My grandfather spoke on occasions of the huge garden they raised in their younger years. He once pointed to the hillside just north of the house and said, “We used to have that whole hillside in garden.”
That would have been a large garden. I was amazed when he told me that, partly because they weren’t a young family when they purchased that farm and that was a goodly portion of ground for a garden.
Their lives seemed to be a hodge-podge of nonrelated events. Or related events but not related in any logical manner. If you could take the thoughts of—We bought a car and there will be four candles and ten balloons. And find a relationship in any of those thoughts at face value.
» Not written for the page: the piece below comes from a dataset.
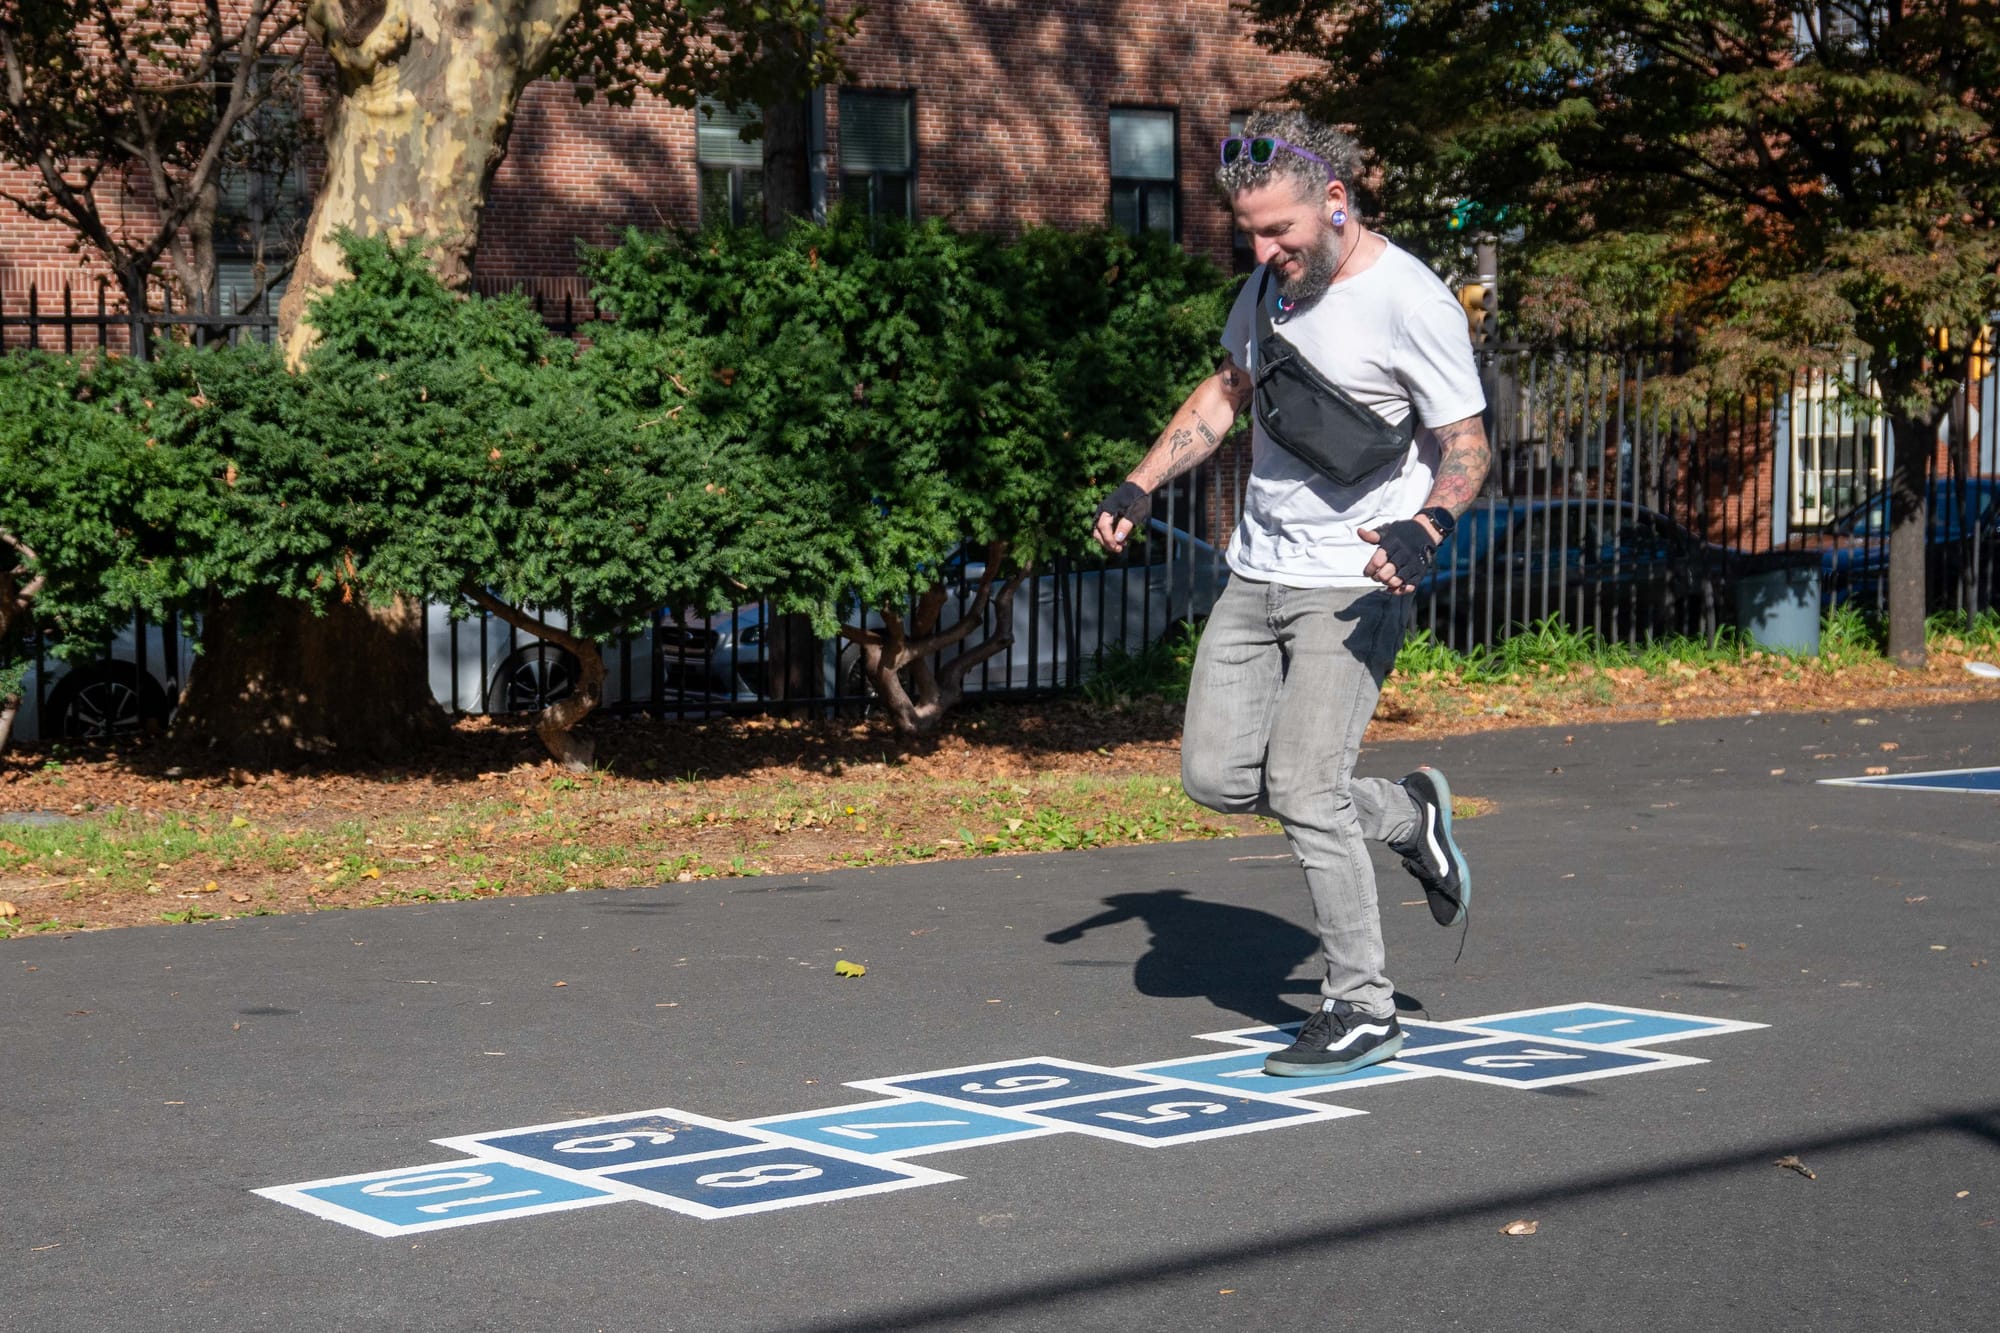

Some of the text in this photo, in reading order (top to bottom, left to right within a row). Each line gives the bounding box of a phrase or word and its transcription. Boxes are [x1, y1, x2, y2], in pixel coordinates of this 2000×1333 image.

It is a strange world we live in for sure. I read a piece lately headlined, How long is forever? And how soon is never? The gist of the thoughts were making long-range plans is like building castles in the clouds.
Because we live in a short-term world where we deal mostly with the short term, no matter how many down-the-road plans we make there are too many get-in-the-ways that happen and those long-range plans are more likely to take forever and actually never come to pass.
So it is with most of us and our lives. We make the plans of the heart thinking “someday I will…” and maybe we even start out on that plan. Maybe we start education in the support of our someday adventure making advances toward our goal.
A few years ago, in 1995 apparently, there was a movie, Mr. Holland’s Opus. If I remember correctly it began with a very young couple. The man was a young musician with dreams of writing a famous opus and becoming rich and famous but on the way…
As the movie review says, on the way to changing lives— of all the lives he changed the life he changed the most was his own. It showed how he worked at teaching and reaching out to his students, and he was so busy his opus was put on the shelf until the surprising ending of the movie.
I wrote this the other day and I believe it bears repeating because even though we’ve become really smart in this generation, we’ve also become really dumb. “Most people raise children while working at the important things in life, not realizing that raising children is the most important thing in life.”
Our next generation is our legacy and we’re allowing that next generation, our legacy to be destroyed. If they can’t sacrifice them to Satan physically they’ll tear them down and sacrifice them spiritually. Our God is not just a God of the long term someday, he’s the God of today. The God of the here and now.
Zechariah 4:
8) Moreover the word of the LORD came unto me, saying,
9)The hands of Zerubbabel have laid the foundation of this house; his hands shall also finish it; and thou shalt know that the LORD of hosts hath sent me unto you.
10) For who hath despised the day of small things? for they shall rejoice, and shall see the plummet in the hand of Zerubbabel with those seven; they are the eyes of the LORD, which run to and fro through the whole earth.